中身も表紙のように黒い地にカラフルなイラストと、伝記とトリビアの文が入り混じっていてとても綺麗。
日本版は翻訳にあたってデザインを重視し一部要約になっているそうですが、ここから興味を惹かれて自分で調べたり目指したりすれば良いし、僕もマリア・シビラやテレシコワなど気になる人が沢山いました。
50人皆が驚くほど重要な業績を残しており、また皆が正当な役職を得る為に闘っています。
最初に紹介されたヒュパティアは、「アレクサンドリア」というタイトルで映画にもなっていますね。

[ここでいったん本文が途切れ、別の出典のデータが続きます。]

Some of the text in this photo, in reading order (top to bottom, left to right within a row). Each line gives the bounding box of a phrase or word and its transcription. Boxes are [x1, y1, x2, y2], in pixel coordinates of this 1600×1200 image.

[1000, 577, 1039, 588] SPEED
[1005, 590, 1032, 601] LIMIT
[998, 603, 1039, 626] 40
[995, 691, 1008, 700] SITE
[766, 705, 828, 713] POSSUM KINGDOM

同位体のふるまいを解明したマリア・ゲッパート・メイヤーは、ヘビースモーカーで「ときに2本のタバコを同時に吸っていた」とか、健康に悪そうだけどエネルギッシュで強い女って感じ!
プログラミングの母と呼ばれる海軍准将グレース・ホッパーはデスクに海賊旗を掲げていた。チームが必要な物を手に入れる為に容赦しなかったからだ!

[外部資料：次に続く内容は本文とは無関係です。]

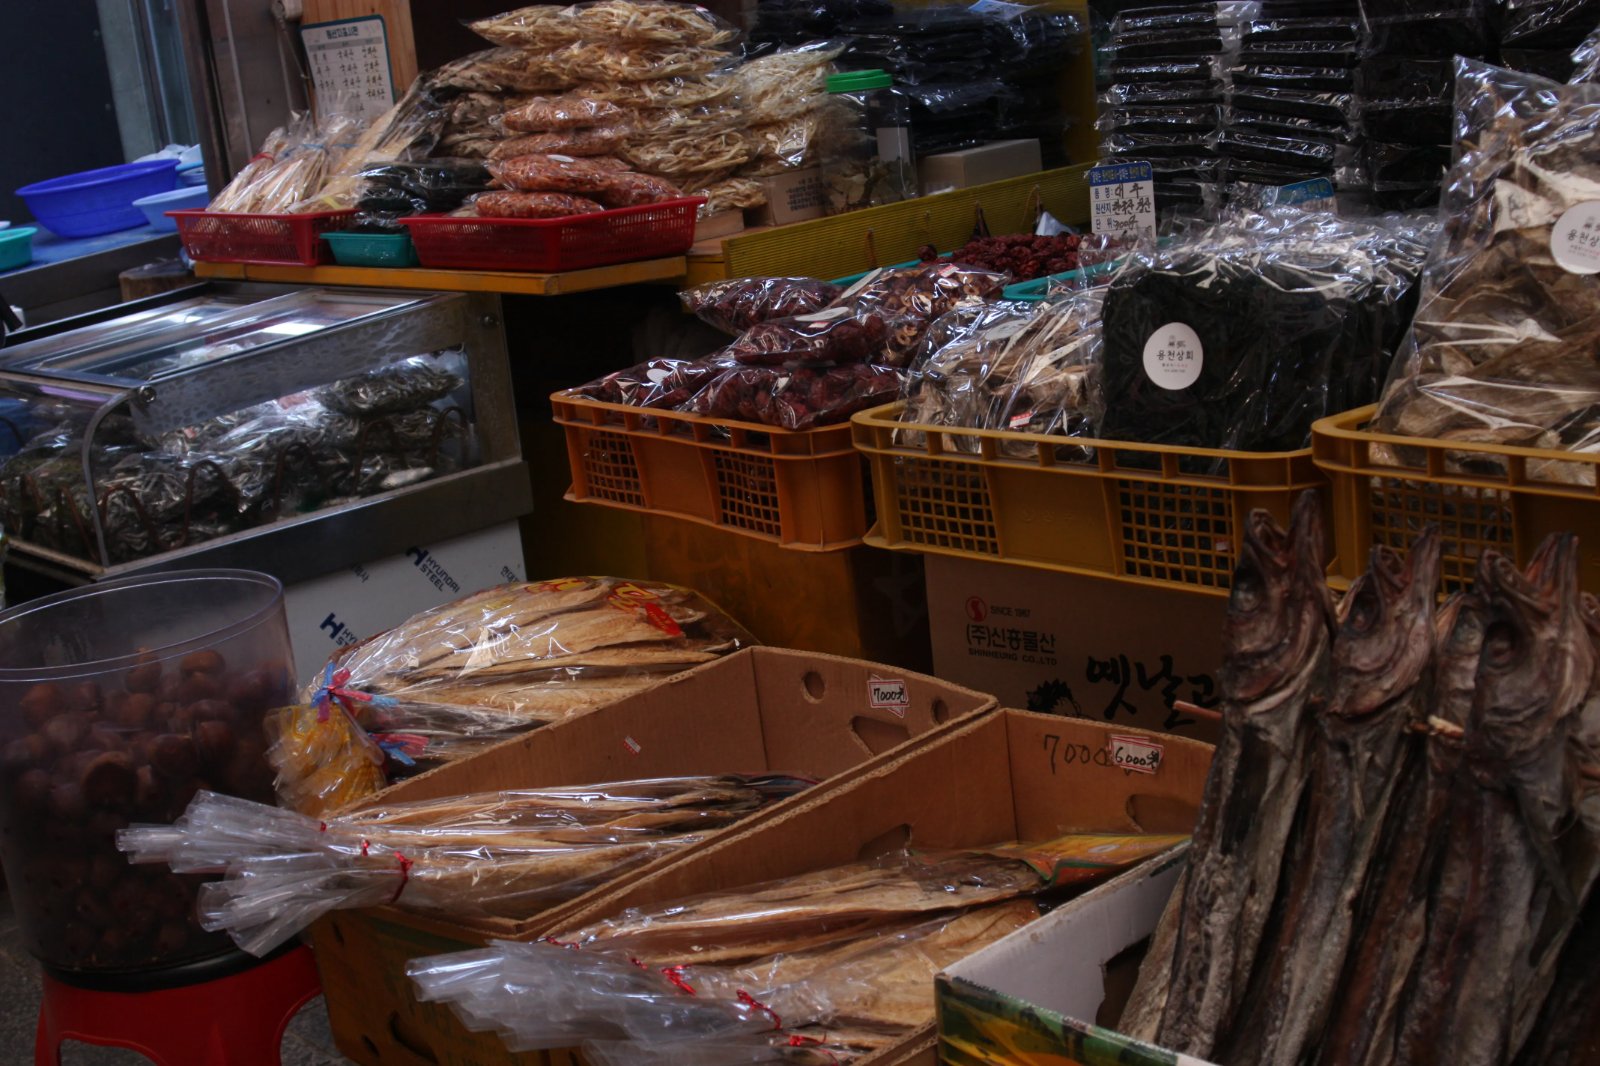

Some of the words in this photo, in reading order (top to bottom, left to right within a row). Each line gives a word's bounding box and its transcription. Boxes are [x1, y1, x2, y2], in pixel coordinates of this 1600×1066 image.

動物が快適に暮らす事を重視した爬虫類館を造り、後の動物園全体に影響を与えたジョーン・ビーチャム・プロクターは、病気で弱ってからも車椅子でリードに繋いだコモドドラゴンを連れて爬虫類館を巡回した。見たかったなそれ!
ロザリンド・フランクリンから剽窃し中傷したワトソンの行動などは本当に悲しくなります。逆にアインシュタインの様にちゃんと評価する人も居ますし、女性科学者達自身が後進を育てる事に力を注いでいます。
病気になったゲルティ・コリを抱きかかえて(イラストではお姫様抱っこで)移動し一緒に研究をした夫カールの様なロマンチックな関係もあります。
巻末で更に14人を紹介し最後に「次の偉大な科学者になるのはあなたかも!」と結んでいるのも良いですね。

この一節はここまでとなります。